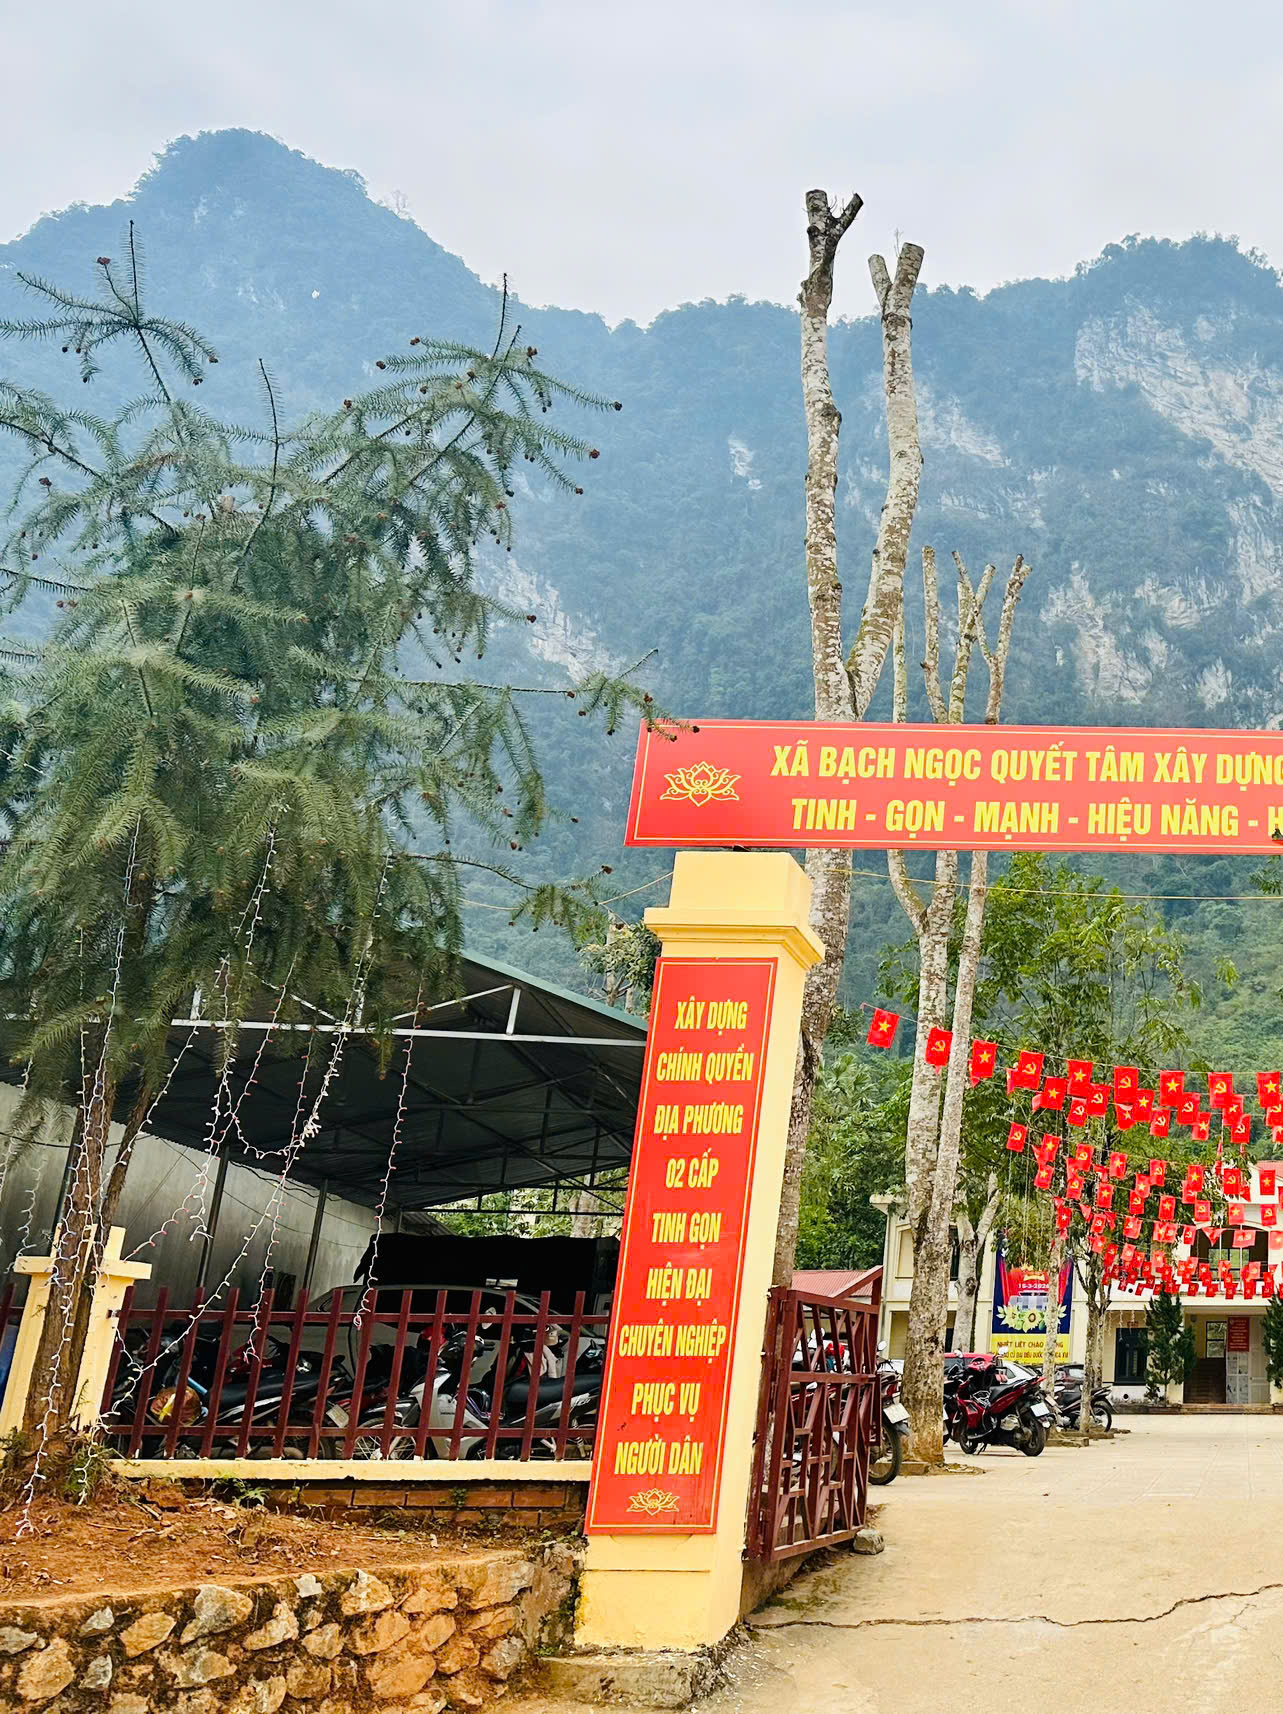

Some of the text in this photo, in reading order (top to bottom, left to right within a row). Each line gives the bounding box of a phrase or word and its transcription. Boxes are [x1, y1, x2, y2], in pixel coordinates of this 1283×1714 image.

[771, 740, 809, 777] XÃ
[819, 746, 894, 785] BẠCH
[904, 747, 981, 787] NGỌC
[991, 740, 1077, 783] QUYẾT
[1086, 745, 1144, 783] TÂM
[1153, 747, 1207, 784] XÂY
[792, 798, 856, 831] TINH
[886, 799, 944, 838] GỌN
[973, 801, 1059, 840] MẠNH
[1087, 797, 1150, 841] HIỆU
[1159, 799, 1239, 837] NĂNG
[674, 996, 748, 1035] XÂY DỰNG
[656, 1043, 754, 1085] CHÍNH QUYỀN
[654, 1101, 743, 1140] ĐỊA PHƯƠNG
[666, 1148, 719, 1188] 02 CẤP
[651, 1212, 722, 1250] TINH GỌN
[646, 1262, 712, 1306] HIỆN ĐẠI
[619, 1319, 727, 1364] CHUYÊN NGHIỆP
[631, 1383, 700, 1422] PHỤC VỤ
[614, 1434, 704, 1474] NGƯỜI DÂN
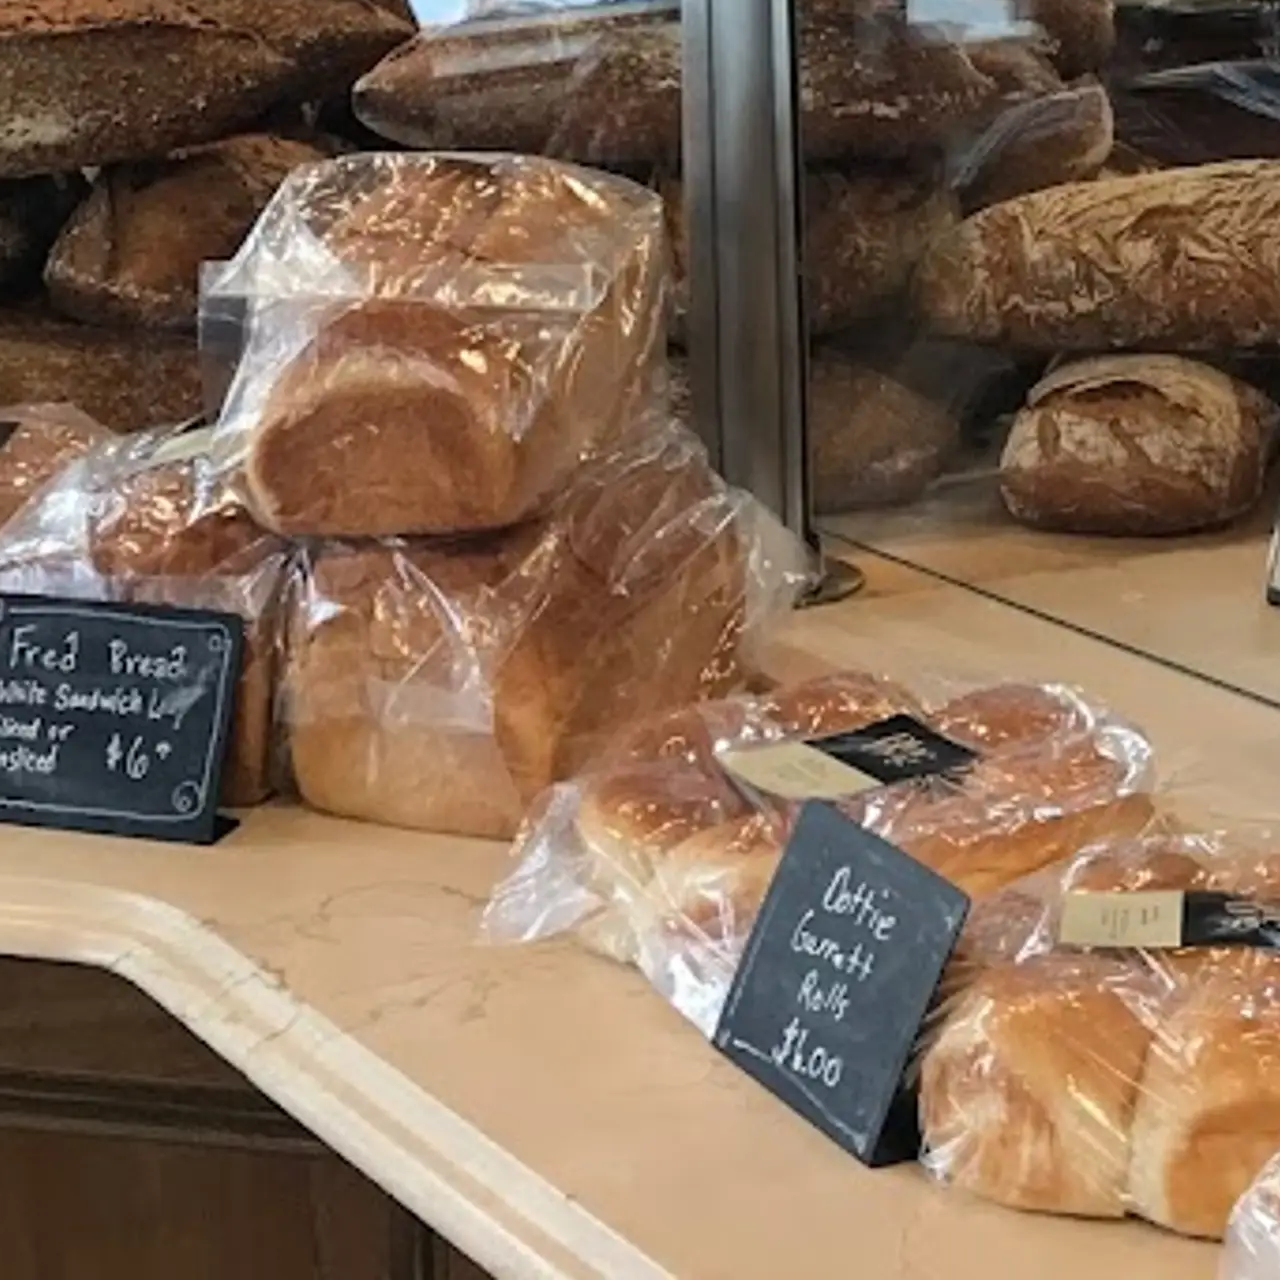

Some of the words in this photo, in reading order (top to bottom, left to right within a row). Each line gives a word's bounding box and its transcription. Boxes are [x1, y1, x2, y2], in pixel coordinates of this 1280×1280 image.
• • • •
Apart from its pictures, the material above should be repeated exactly.

Some of the text in this photo, in reading order (top to bottom, left to right within a row). Each line gives the bounding box of a phrase or word and its transcription. Boxes are [x1, y1, x2, y2], in pixel coordinates of this 1283×1714 image.

[771, 740, 809, 777] XÃ
[819, 746, 894, 785] BẠCH
[904, 747, 981, 787] NGỌC
[991, 740, 1077, 783] QUYẾT
[1086, 745, 1144, 783] TÂM
[1153, 747, 1207, 784] XÂY
[792, 798, 856, 831] TINH
[886, 799, 944, 838] GỌN
[973, 801, 1059, 840] MẠNH
[1087, 797, 1150, 841] HIỆU
[1159, 799, 1239, 837] NĂNG
[674, 996, 748, 1035] XÂY DỰNG
[656, 1043, 754, 1085] CHÍNH QUYỀN
[654, 1101, 743, 1140] ĐỊA PHƯƠNG
[666, 1148, 719, 1188] 02 CẤP
[651, 1212, 722, 1250] TINH GỌN
[646, 1262, 712, 1306] HIỆN ĐẠI
[619, 1319, 727, 1364] CHUYÊN NGHIỆP
[631, 1383, 700, 1422] PHỤC VỤ
[614, 1434, 704, 1474] NGƯỜI DÂN

Some of the words in this photo, in reading order (top to bottom, left to right within a row). Each line gives a word's bounding box and its transcription. Boxes are [x1, y1, x2, y2], in pixel coordinates of this 1280×1280 image.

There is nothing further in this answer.